(Ottawa) The Bank of Canada has the firm intention of bringing the inflation rate back to the 2% target within the next 12 months. If the horse medicine that has been administered to the Canadian economy so far does not have all the desired effects, it will not hesitate to decree a new increase in the key rate, said Thursday the Governor of the Bank of Canada, Tiff Macklem.
The Bank of Canada gave its monetary policy a final tightening in January by raising the key rate by 0.25% to 4.5%. This was the eighth consecutive increase since last March. In her report, she indicated that she would take a break to analyze the impact of her decisions on the Canadian economy.
“It’s a conditional recess,” said Governor Macklem, who testified before the House of Commons Standing Committee on Finance for 90 minutes along with Deputy Governor Carolyne Rogersl.
“Inflation in Canada has slowed, but it is still too high,” he argued, recalling that the rise in prices had fallen from a peak of 8.1% in June to 6.3% in December. .
The Bank of Canada expects the inflation rate to slow to 3% by mid-year and return to the 2% target in early 2024 as a result of decisions made over the past year.
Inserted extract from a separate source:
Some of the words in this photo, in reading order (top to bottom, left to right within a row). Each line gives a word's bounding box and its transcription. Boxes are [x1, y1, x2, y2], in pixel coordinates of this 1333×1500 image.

It also expects almost zero growth during the first three quarters of the year.
“If the evidence accumulates and shows that inflation is not slowing at the rate we have expected, we are ready to tighten our monetary policy further,” said the big boss of the Bank of Canada.
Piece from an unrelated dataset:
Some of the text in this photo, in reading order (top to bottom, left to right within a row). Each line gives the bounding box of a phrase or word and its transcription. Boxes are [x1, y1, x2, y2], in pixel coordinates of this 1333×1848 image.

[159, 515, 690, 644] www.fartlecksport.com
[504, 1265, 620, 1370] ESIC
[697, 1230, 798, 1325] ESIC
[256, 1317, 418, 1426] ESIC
Mr. Macklem noted that the decline in inflation so far is mainly due to lower energy prices, especially gasoline, and improved global supply chains. The rise in durable goods prices also moderated. But this is not yet the case for food prices and many services.
The Bank of Canada therefore remains on the lookout while inflationary pressure persists. Especially since the Canadian economy continues to show signs of overheating and a historically low unemployment rate.
“The Canadian economy is still overheating and excess demand remains clear. This continues to put upward pressure on many prices in Canada. […] The number of vacancies has fallen slightly, but remains high. The unemployment rate is near a historic low and many businesses continue to report labor shortages. Overall, tight monetary policy is helping to rebalance supply and demand,” he noted.
Certainly, the drop in the inflation rate gives “a bit of respite” to Canadians who are having difficulty making ends meet. But Mr. Macklem maintained that an inflation rate of 6% remains “too high” and that the Bank of Canada will continue to use its main arsenal – the key rate – as needed if circumstances require it.
Invited a few times by Conservative MPs to comment on the effect that an increase in federal government spending can have on inflation, the governor was cautious. He argued that the Bank of Canada’s projections take into account the spending announced so far by Ottawa and that a budget that would have the effect of fueling demand would be inappropriate. Targeted aid to give a boost to the most vulnerable people is, however, a necessary measure, according to him.
He refused to go any further, despite repeated questions from elected Conservatives. “The government sets tax policies. We deal with monetary policy,” he said.